ReLU stands for rectified linear activation function. ReLU is better than Sigmoid and Tanh activation function. ReLU helps to overcome the gradient vanishing problem. The range of ReLU function is in max(0.0, x). Only certain neurons are activated at a time. ReLU is very computationally efficient for backpropagation. It suffers from dying ReLU as all the negative outputs are made zero. It accelerates the convergence of the gradients toward global minima due to its linear and non-saturating properties. There are different versions of the ReLU activation function. The leaky ReLU tried to solve the dying ReLU problem by making a small positive slope on the negative left side of the graph. The parametric ReLU function also tried to solve the dying ReLU problem by adding an argument 'a' to the negative left side of the graph. The Exponential linear unit (ELU) activation function also tried to improve the dying ReLU problem by using a log curve on the negative left side of the graph.
He Normal and He Uniform:
Xavier Normal and Xavier Uniform (Glorot initialization)
Sigmoid activation is the same as logistic regression function. Its range is in between 0 and 1 using the formula 1.0 / (1.0 + e^-x). The output is not symmetric around zero and all of the output will be of the same sign. This can lead to a vanishing gradient problem. The training of the neural network using Sigmoid is difficult and unstable.
It is a hyperbolic tangent activation function. Its range is in between -1 and 1 using the formula f(x) = (e^x – e^-x) / (e^x + e^-x). The tanh function generates very small gradients. It sufferers from vanishing gradient problems as the generated gradient approaches near zero.
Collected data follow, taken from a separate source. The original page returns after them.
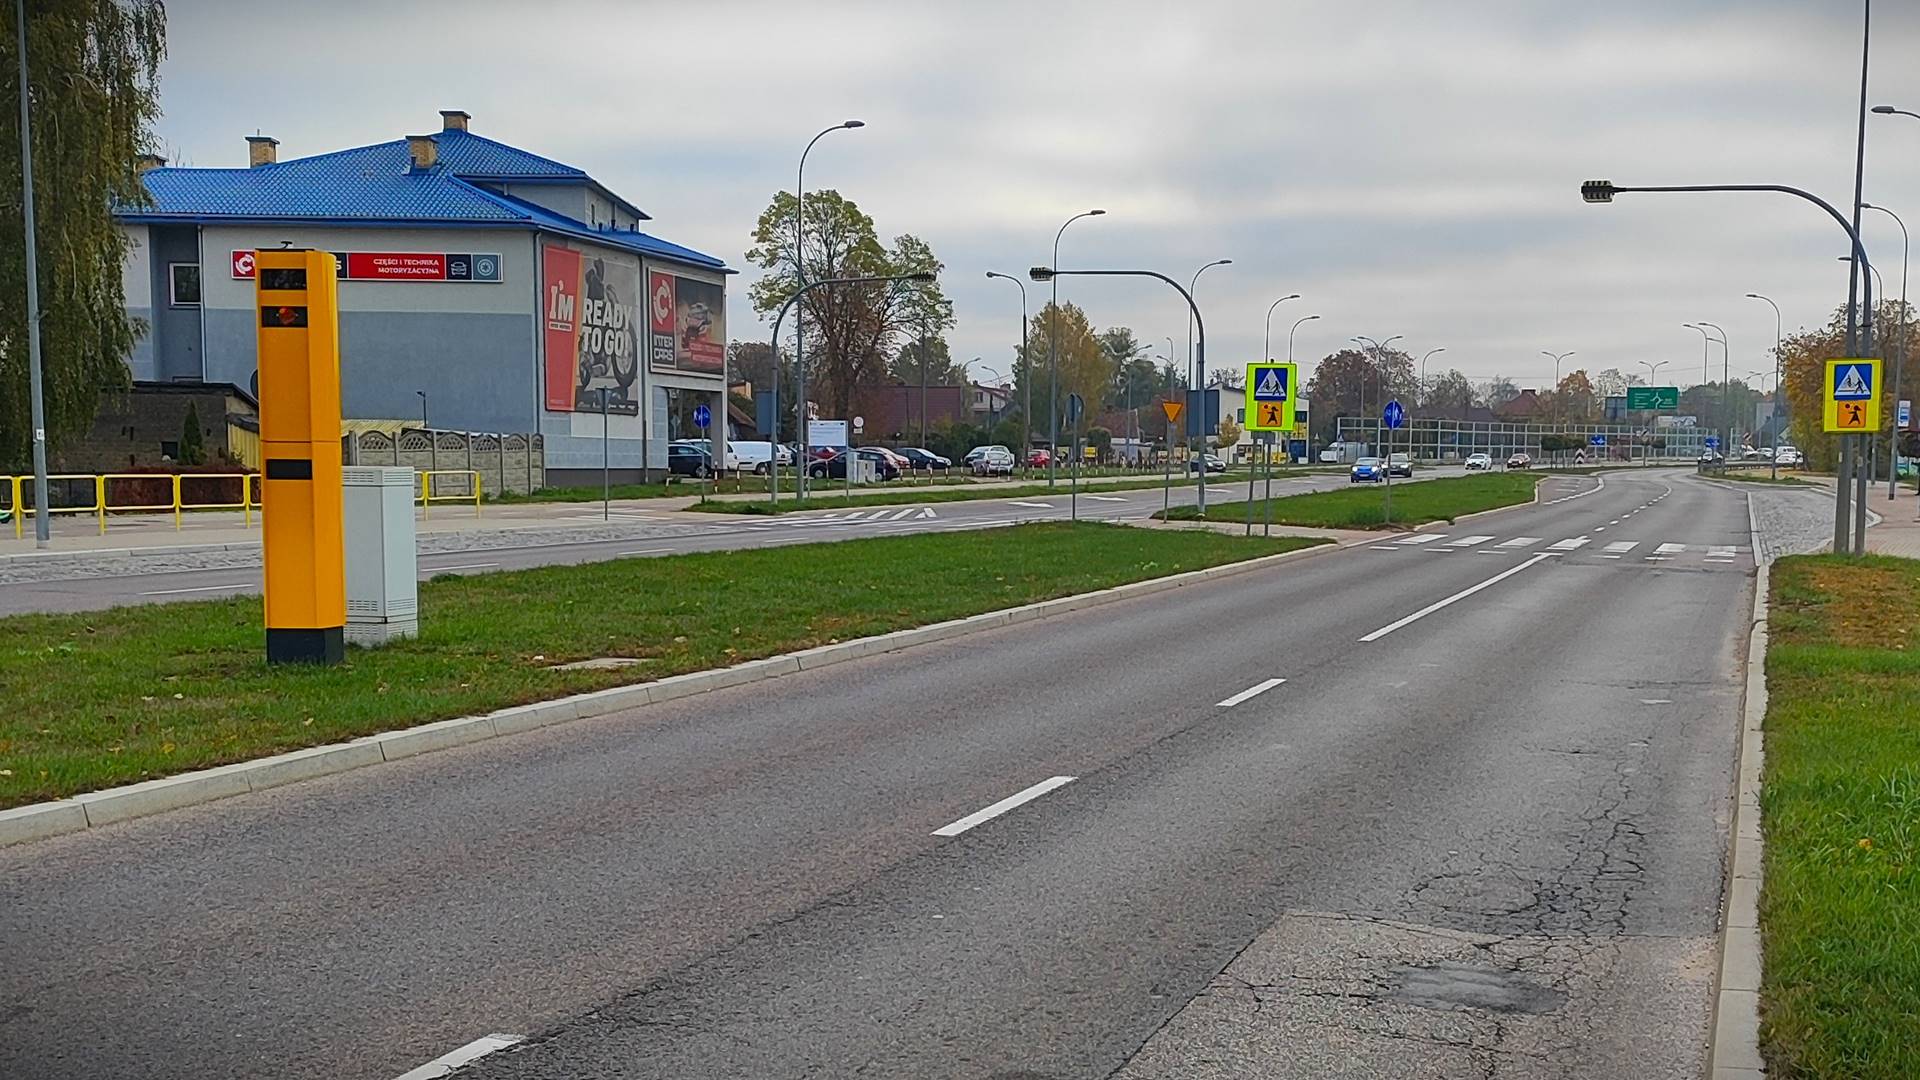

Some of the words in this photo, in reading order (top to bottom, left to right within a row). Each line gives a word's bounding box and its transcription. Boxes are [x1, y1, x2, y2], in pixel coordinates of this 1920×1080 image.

[373, 258, 398, 266] CZĘŚCI
[549, 279, 574, 322] I'M
[582, 297, 633, 330] READY
[582, 326, 602, 354] TO
[653, 334, 673, 347] INTER
[653, 348, 674, 361] CARS
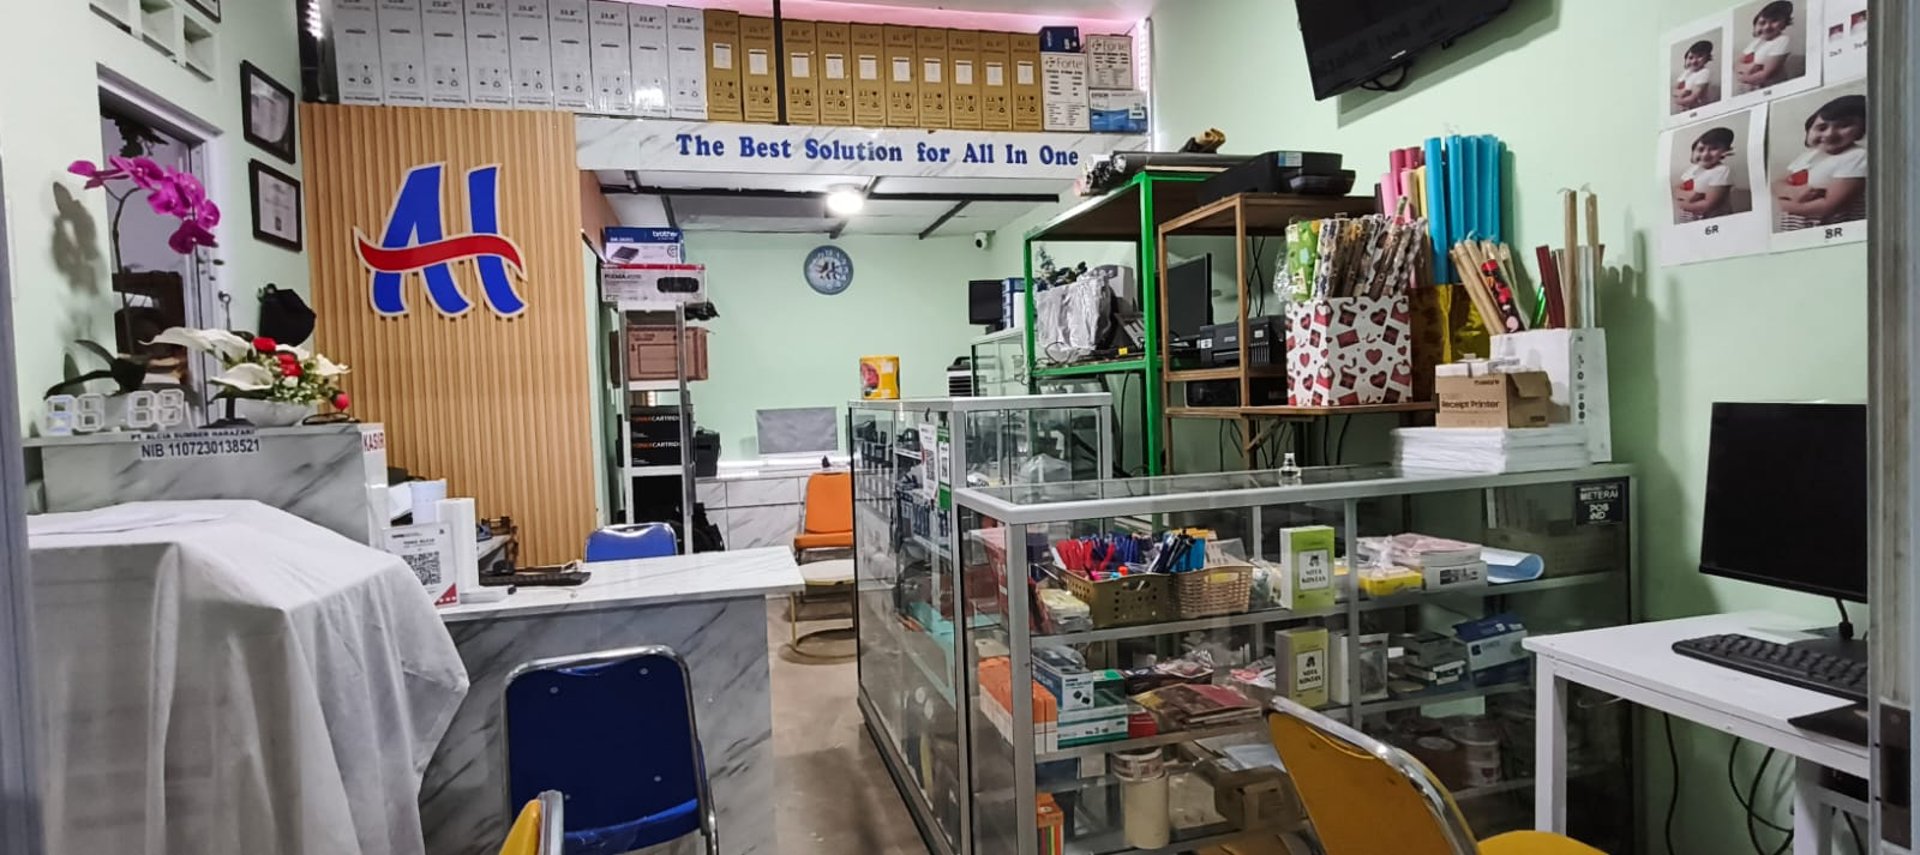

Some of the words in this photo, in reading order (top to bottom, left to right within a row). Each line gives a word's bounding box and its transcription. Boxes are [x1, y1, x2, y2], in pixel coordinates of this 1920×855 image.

It helps in centering the data for learning on the next layer. It is preferred to Sigmoid non-linear activation function.
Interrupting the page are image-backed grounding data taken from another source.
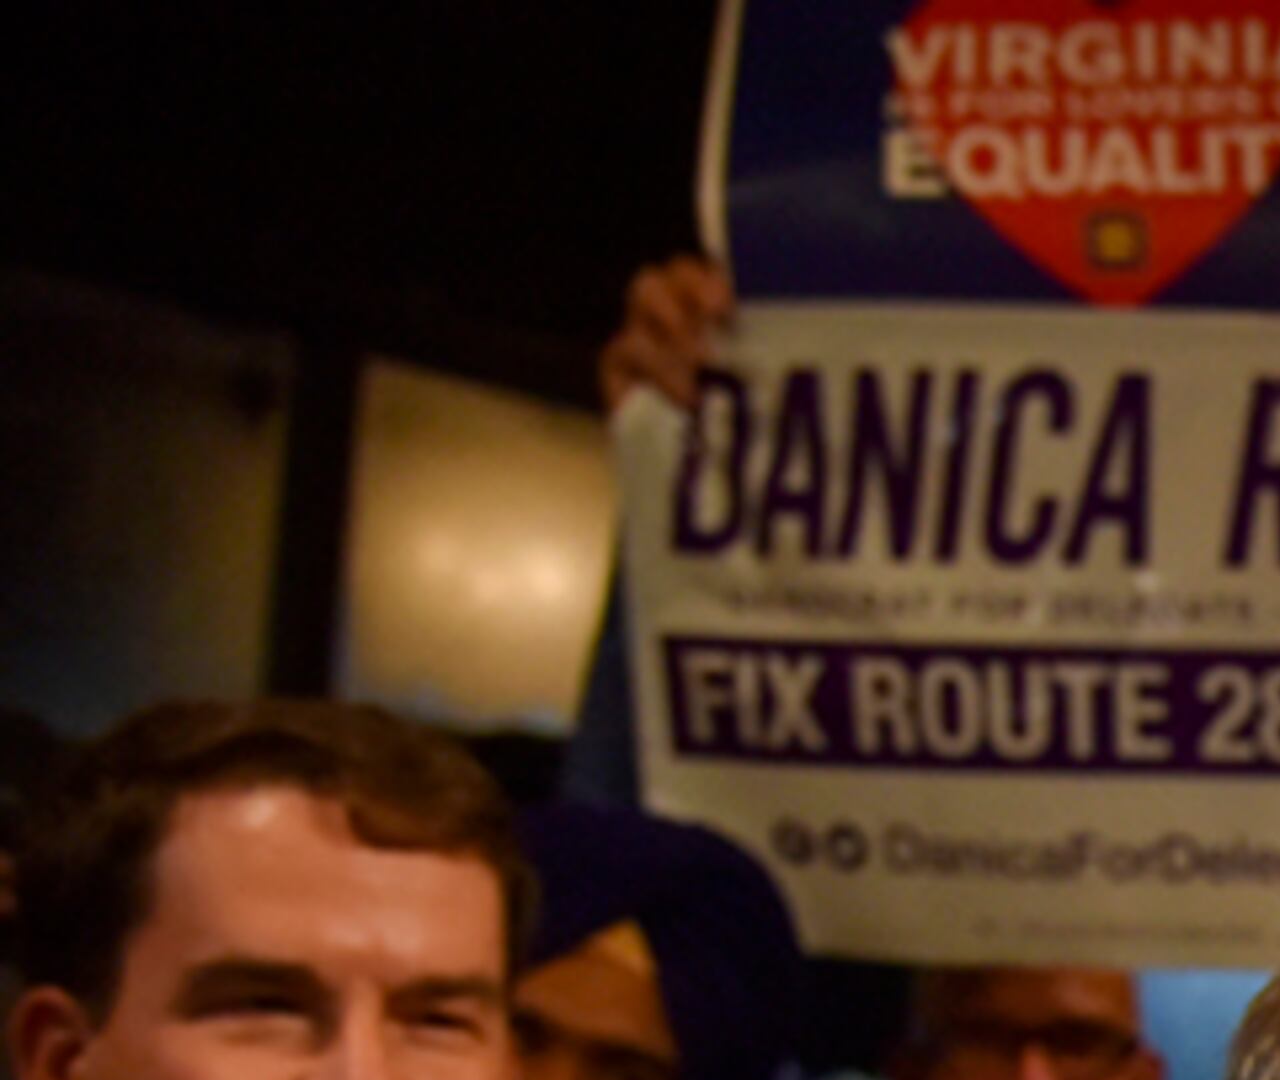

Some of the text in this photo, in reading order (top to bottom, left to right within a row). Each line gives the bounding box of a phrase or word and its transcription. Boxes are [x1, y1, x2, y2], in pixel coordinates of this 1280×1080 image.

[951, 84, 1056, 118] FOR
[1066, 85, 1264, 118] LOVERS
[672, 366, 1152, 568] DANICA
[681, 648, 828, 752] FIX
[851, 654, 1174, 764] ROUTE
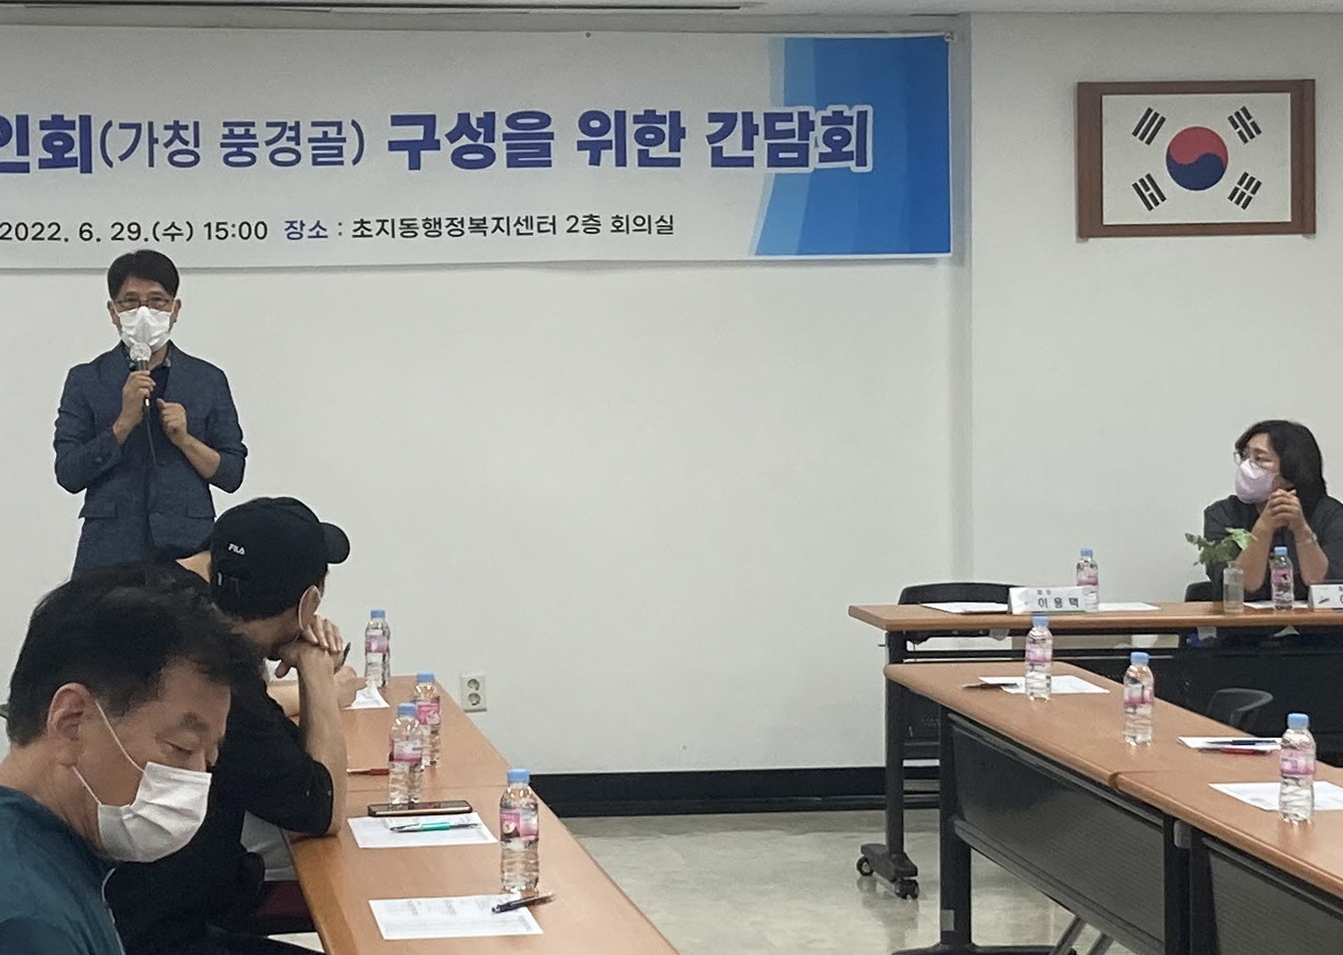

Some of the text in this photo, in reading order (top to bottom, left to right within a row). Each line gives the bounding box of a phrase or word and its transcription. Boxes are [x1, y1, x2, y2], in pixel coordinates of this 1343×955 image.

ReLU is the most commonly used activation function for multi-perceptron and CNN. Sigmoid and TanH are the most commonly used activation function for Recurrent Neural networks. LSTM uses both Sigmoid and TanH activation functions. A few of the commonly used activation functions used in the output layers are Liner, Sigmoid, and Softmax activation functions.
A linear activation function is also known as an Identity function. It returns the output value the same as the input values using the formula f(x) = x. It does not modify the weighted sum of the input. Normalization and standardization transform is used to scale the target values before passing them to the model.
A softmax activation function is probabilistic values output in the range between 0 and 1 using the formula e^x / sum(e^x). It is a softer version of argmax. For example, the softmax value for a correct predicted class will be near 1 and for the rest of the class will be near 0. The target class will be represented as 0 and 1.
The activation function used for the regression is the linear activation function. For the binary classification problem, the Sigmoid activation function is used with one node. For the multi-class classification, the Softmax classification is used with a number of nodes equal to the number of classes. For multi-label classification, the Sigmoid activation function is used with a number of nodes equal to the number of classes.
Creating the NN architecture without using the activation function will create a simple linear regression model. The model will not able to generalize complexity well on the input. It helps to add non-linearly to the model.